Nel caso in cui il percorso non si realizzi e la "tregua" non produca risultati ne' accordi, il tecnico dichiara la propria impossibilità e rimanda la decisione al giudice fornendo elementi di valutazione formulati in un'ottica sistemica.
In questo senso e' la costruzione, l'articolazione di un progetto comune ai tre sistemi, ma altamente differenziato e separato, che permette di sovvertire la logica di giudizio, che permette alla famiglia di utilizzare, nel confronto con le Istituzioni, la propria competenza al fine di raggiungere il suo nuovo equilibrio e la sua specifica nuova organizzazione.
I tre sistemi coinvolti possono interagire creando una modificazione della situazione in cui viene definita l'inutilità del giudizio. Il Tribunale ha individuato in questa una metodologia utile a trasformare un invio del Giudice della famiglia in crisi in forma obbligata, in una potenzialita' per la famiglia stessa di riprendere un dialogo costruttivo per superare disagi e conflitti in funzione di un ruolo genitoriale.

Intervento di costruzione di contesto
Si tratta di quelle situazioni complesse e ambigue, in cui si evidenzia un profondo malessere e una forte sofferenza, ma manca una domanda esplicita d'intervento, come nel caso delle famiglie multiproblematiche o migranti.
In queste situazioni c'e' spesso una rilevante implicazione di reti professionali e agenzie per cui l'unica possibilità che ci resta e' costruire un contesto che renda poi attuabili i diversi interventi.
Innanzi tutto uso spesso lo strumento di rompere il contesto ormai pregiudicato.
In queste situazioni c'e' sempre una rete che fa da sostegno alle parti; per ristrutturarla vanno decostruite le connessioni e ricostruiti nuovi punti nodali.
Disinnesco il meccanismo del macrocontesto prima di arrivare a parlare con le parti in causa, per recuperare il rapporto tra utenti e servizi su nuovi presupposti, ad esempio introducendo un mediatore culturale che mi permette una comprensione non solo del linguaggio, ma anche dei sentimenti e della cultura diversa.

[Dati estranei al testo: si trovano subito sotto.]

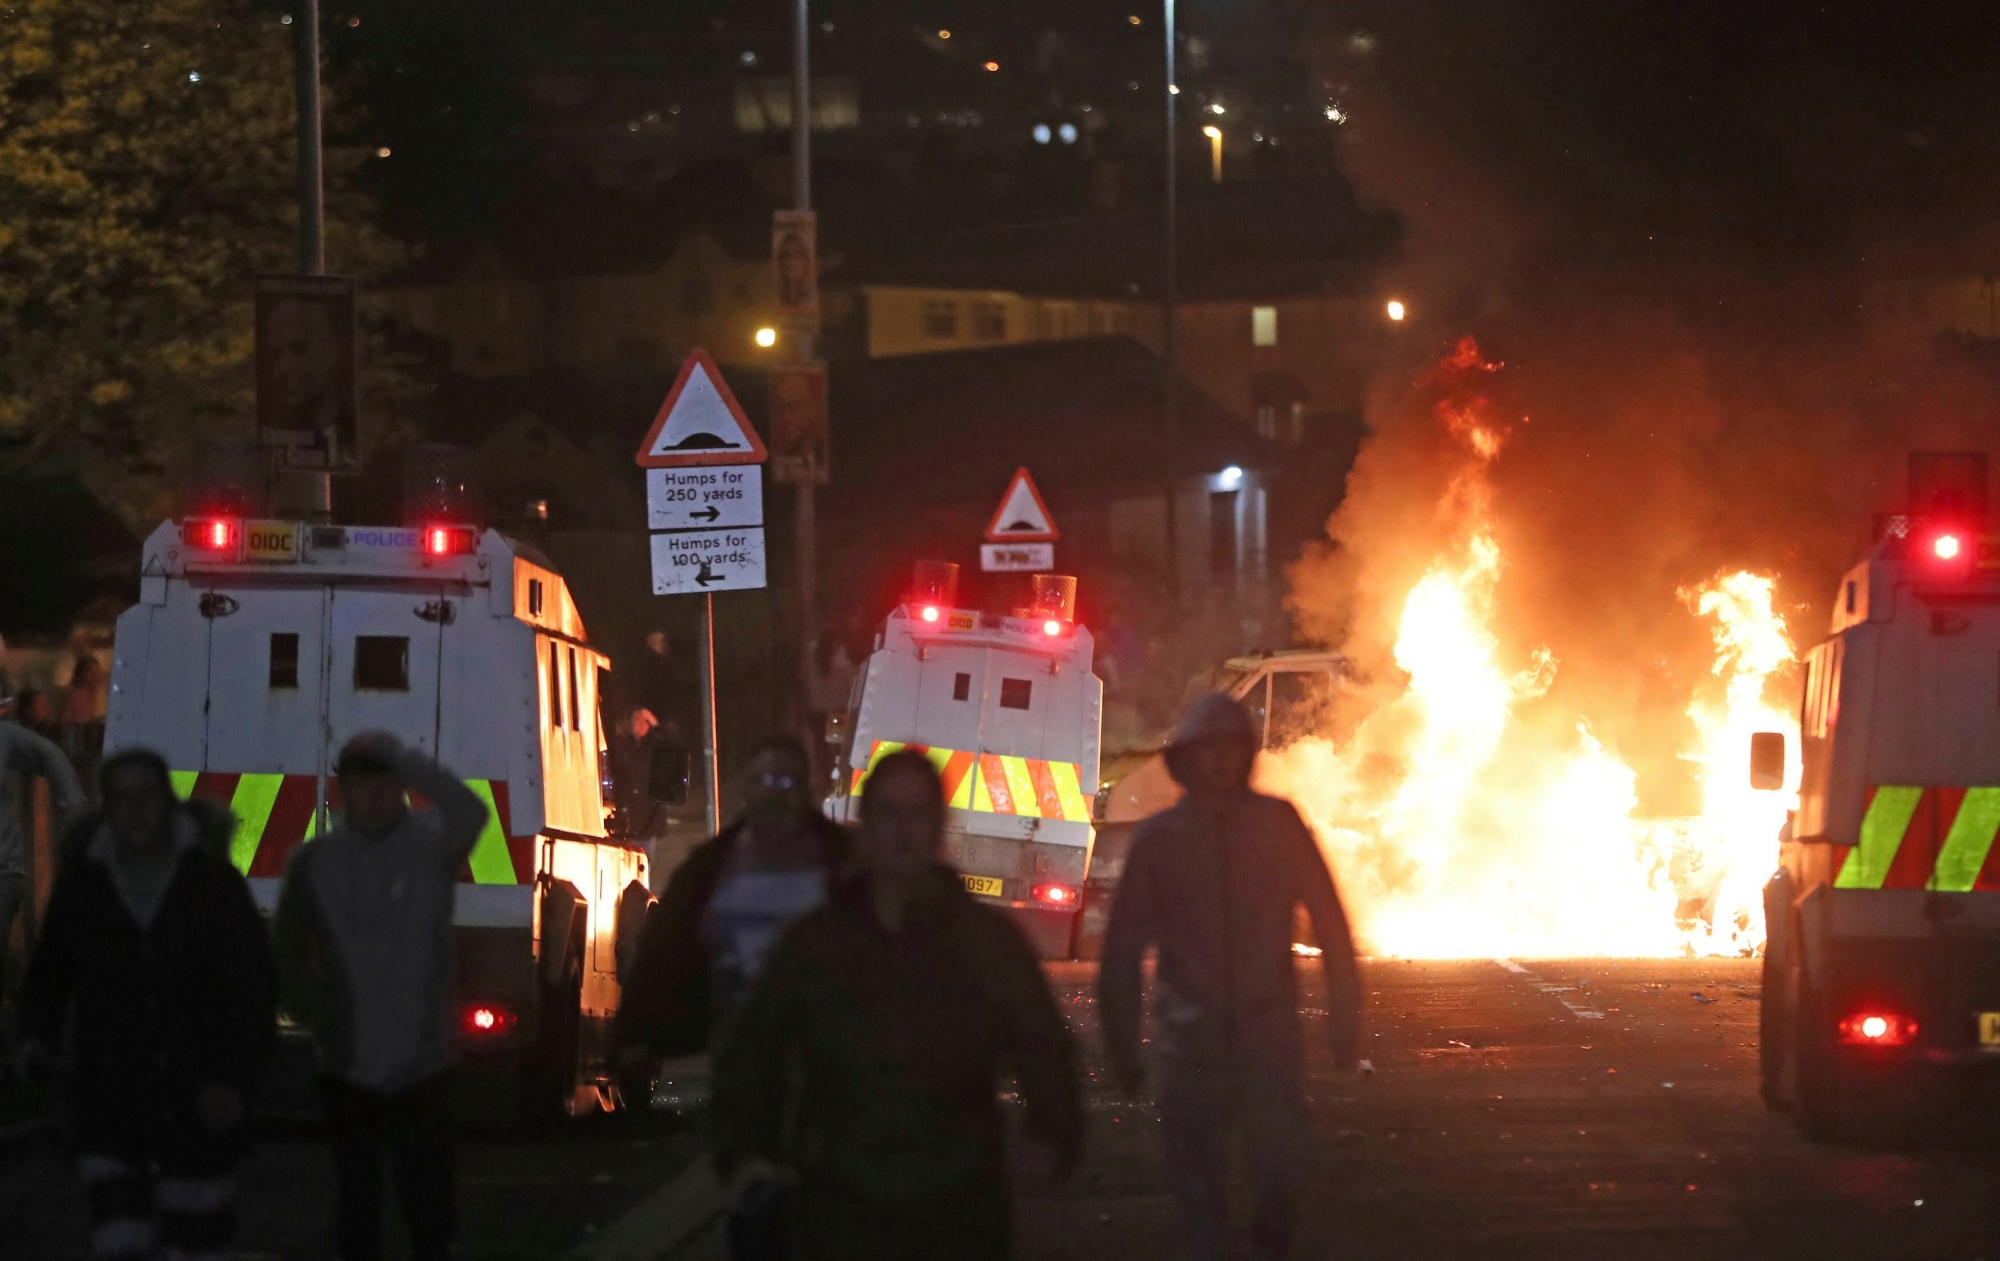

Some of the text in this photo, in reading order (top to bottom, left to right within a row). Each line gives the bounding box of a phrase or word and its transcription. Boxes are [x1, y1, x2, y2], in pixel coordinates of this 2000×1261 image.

Il lavoro di rete, riunire tutte le persone coinvolte (utenti, avvocati, servizi, associazioni e giudici) permette di ridefinire la relazione. Uscire dai giochi e dalle alleanze attribuite, introdurre trasparenza e chiarezza, mettere le carte in tavola apre uno spazio per poi effettuare gli interventi.

Una nuova forma di invio costruita sul consenso: anche il Giudice puo' diventare un inviante alla Mediazione
L'analisi dei contesti Tribunale-Servizi, la costruzione dell'intervento per il cambiamento, la definizione di questa specifica metodologia, ha voluto dire una piu' stretta comunicazione e collaborazione tra la Scuola Genovese e alcuni giudici in Liguria.

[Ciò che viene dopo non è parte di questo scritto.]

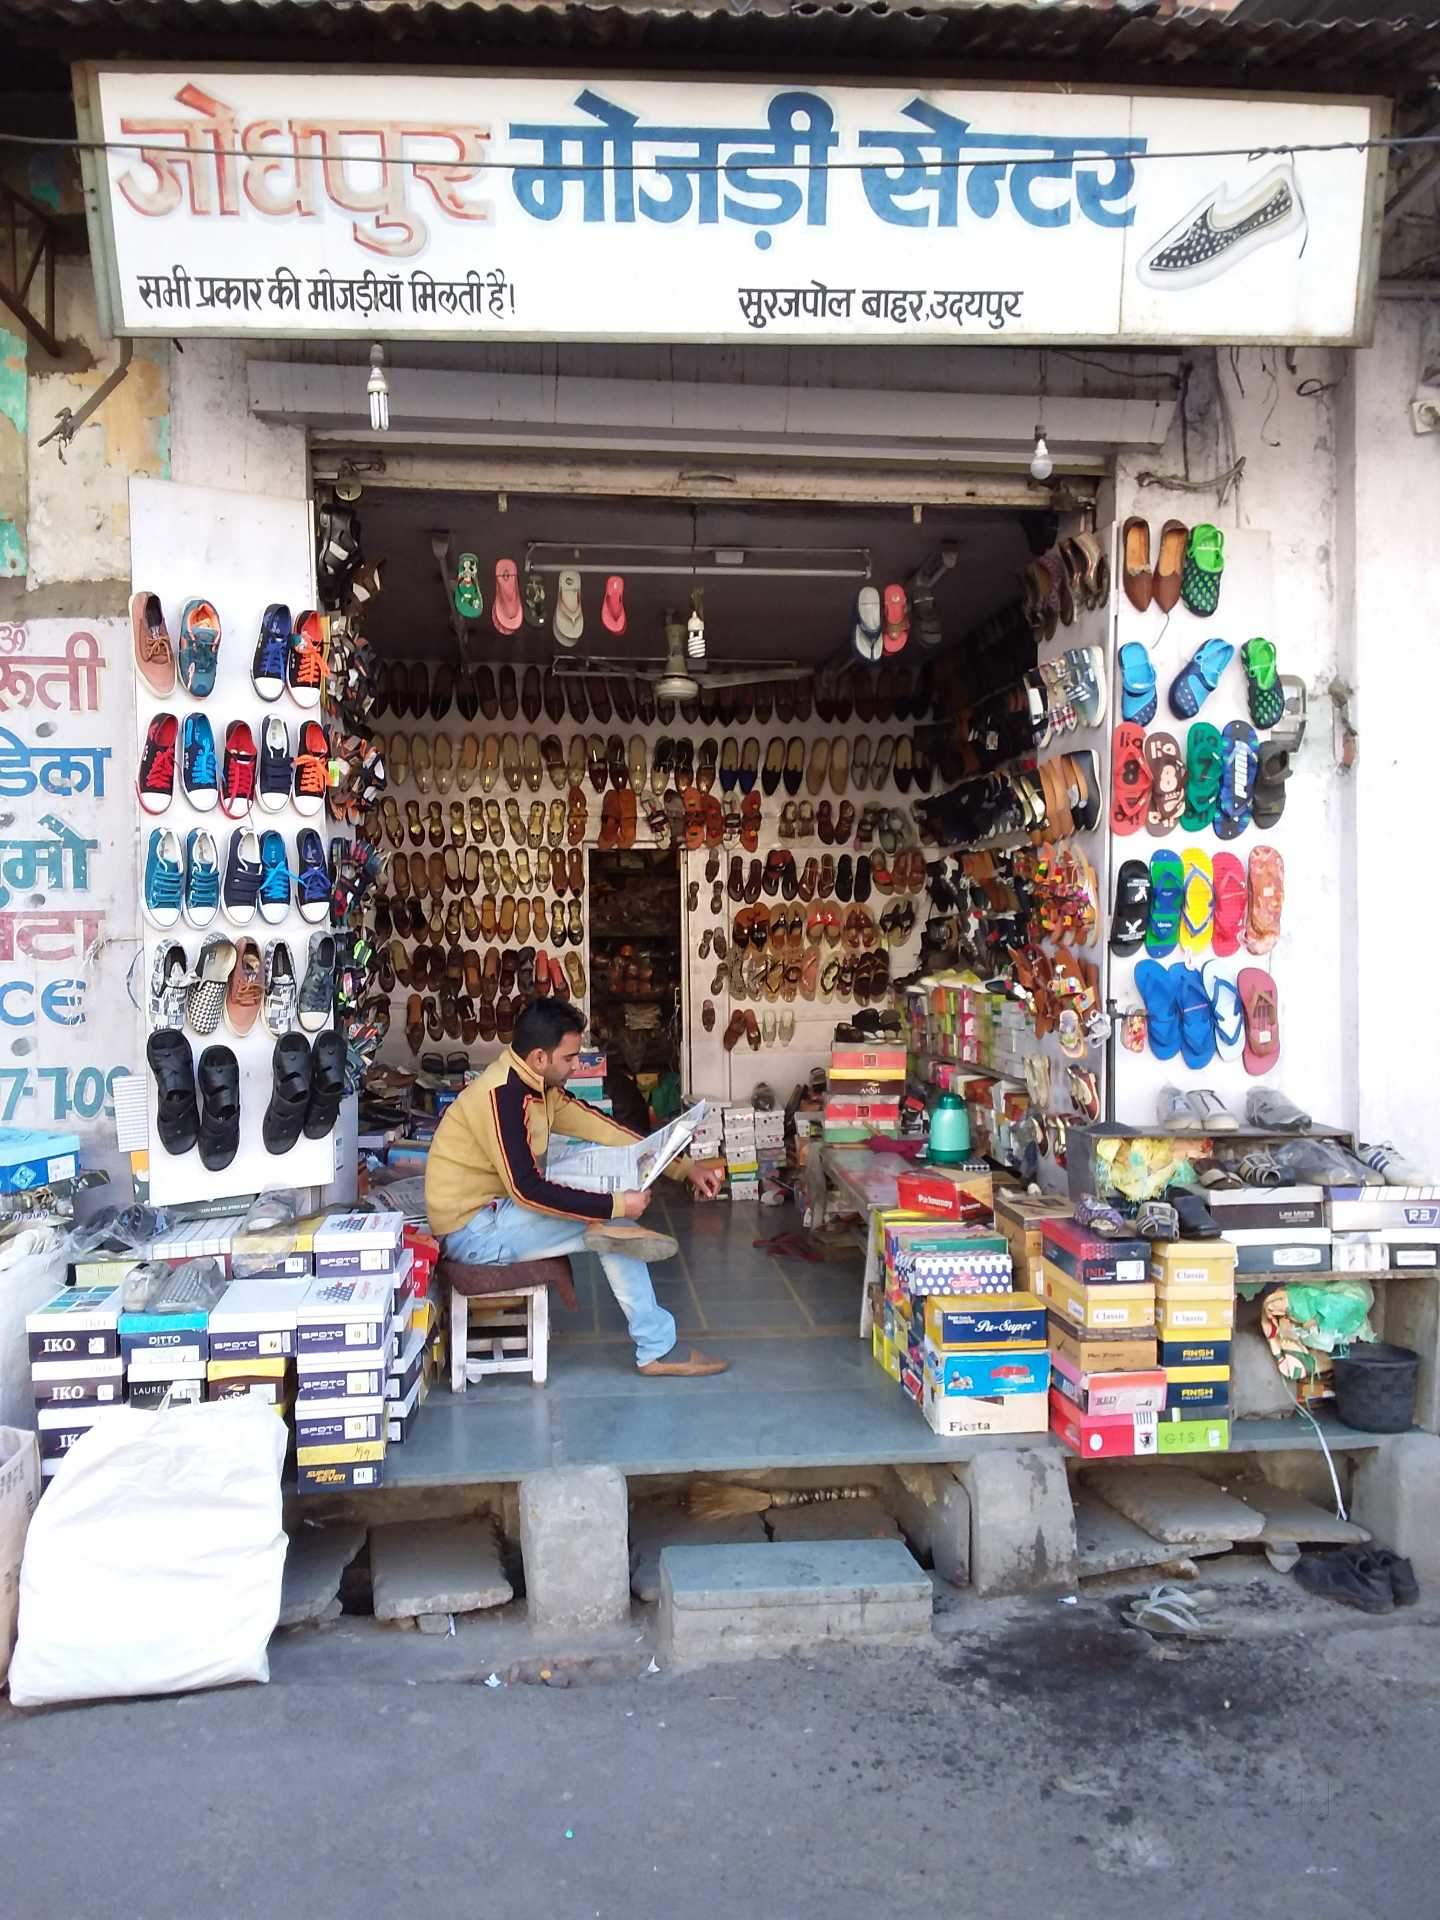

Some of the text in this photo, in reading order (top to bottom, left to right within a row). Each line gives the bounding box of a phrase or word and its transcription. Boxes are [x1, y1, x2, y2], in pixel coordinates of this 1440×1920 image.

La collaborazione tra Scuola Genovese e Tribunali4 ha portato all'utilizzo di due percorsi in caso di separazione giudiziale: nel primo il giudice incarica una CTU ponendo un quesito classico, ma con la richiesta implicita di tentare un "intervento per il cambiamento".

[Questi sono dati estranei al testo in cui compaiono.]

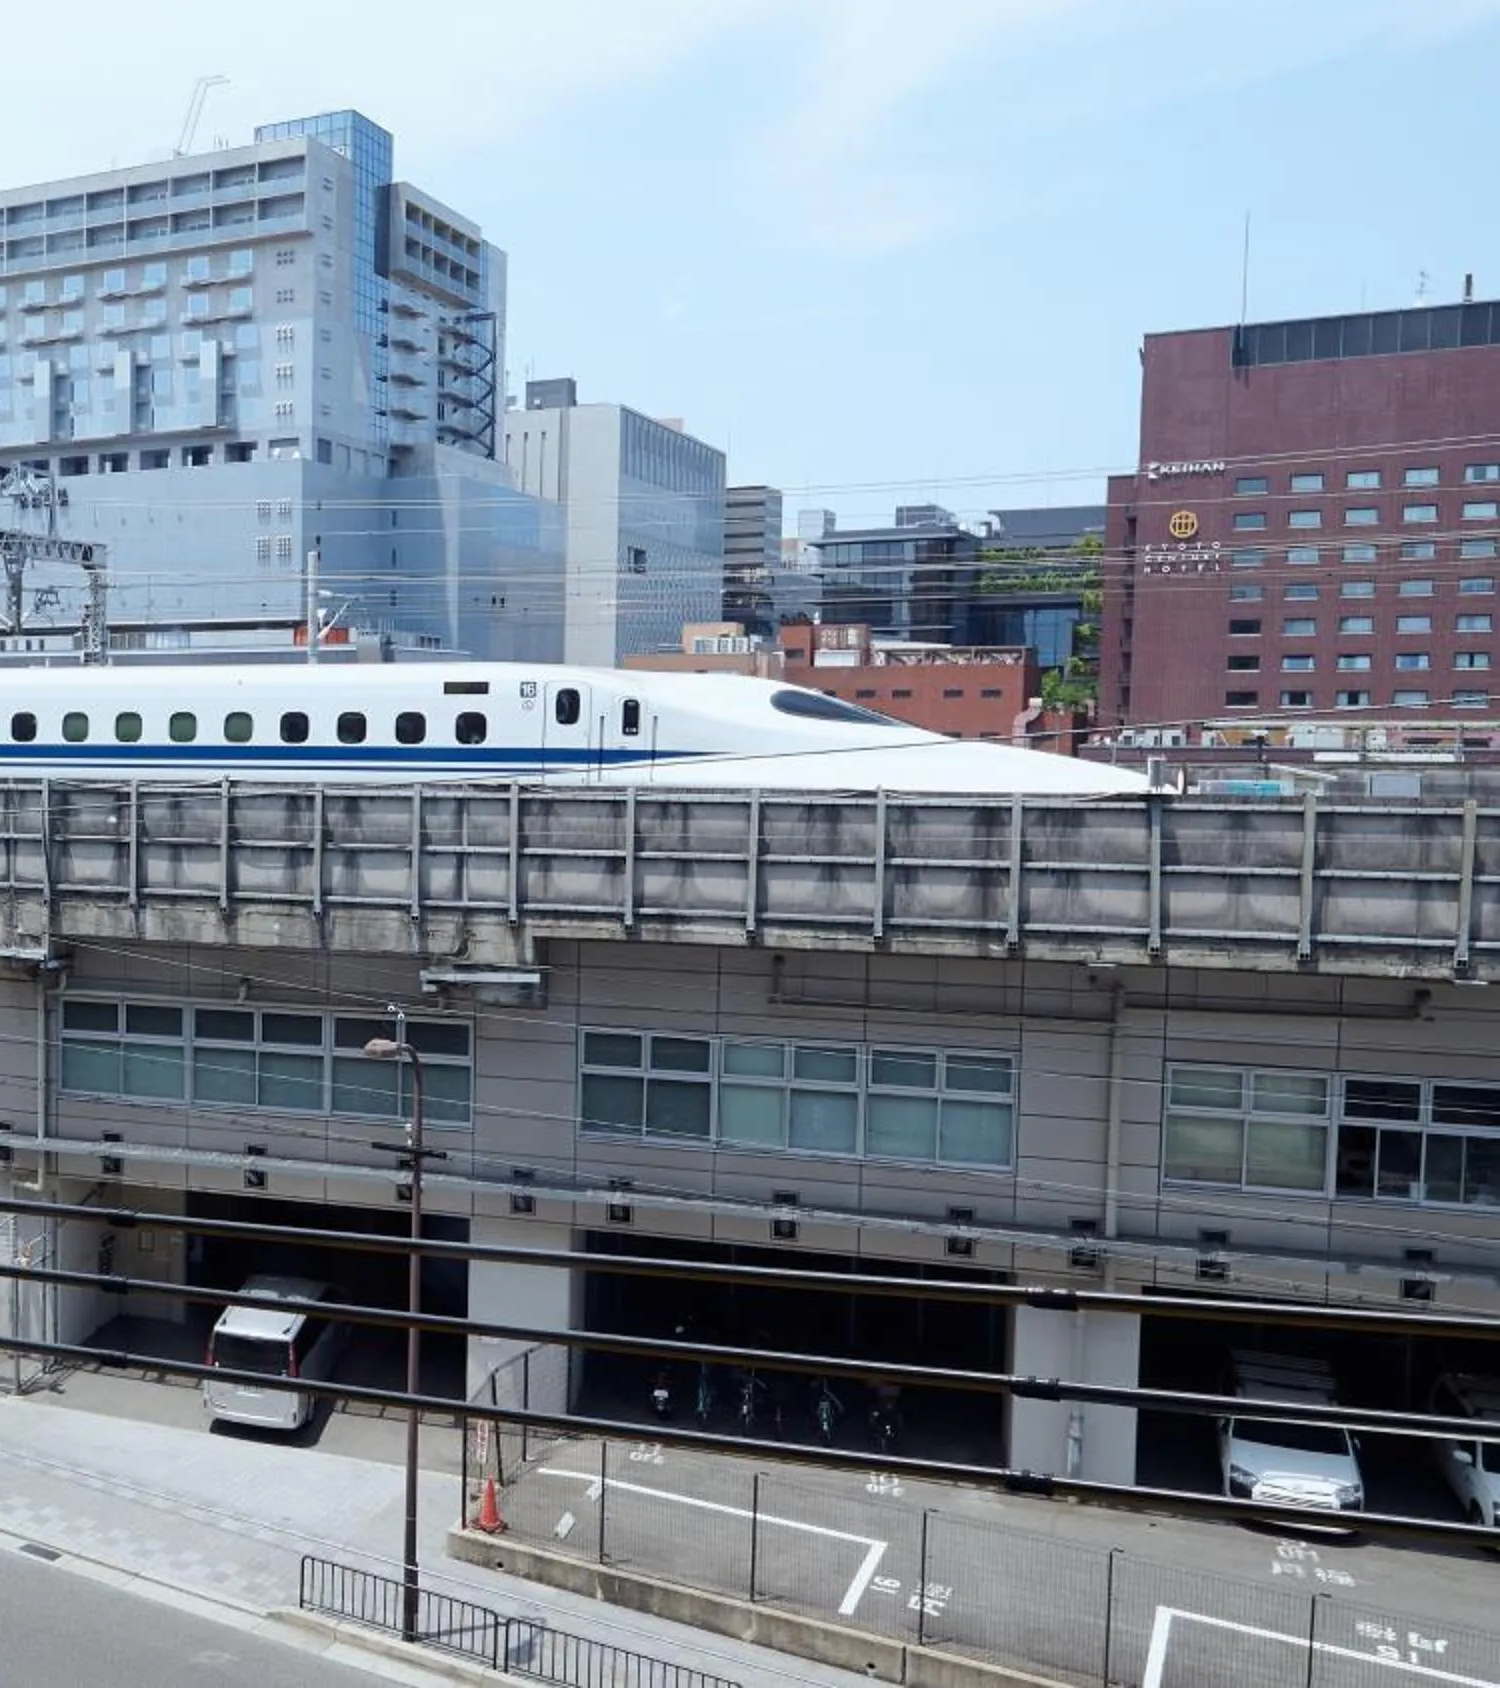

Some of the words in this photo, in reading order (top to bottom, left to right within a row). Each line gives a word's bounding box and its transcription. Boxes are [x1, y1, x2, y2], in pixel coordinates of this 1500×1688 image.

Nel secondo percorso si e' costruita una nuova forma d'invio a mediazione: il Giudice puo' consigliare e suggerire un percorso attivando una richiesta volontaria dei genitori, affinche' insieme al mediatore, superando il conflitto, essi possano elaborare una proposta di accordo sulla gestione dei figli da presentare per l'omologa.
In questo caso il giudice sospende la procedura avviata per verificare in un tempo successivo se tale percorso ha avuto esito positivo. Tale intervento e' coperto dal segreto professionale.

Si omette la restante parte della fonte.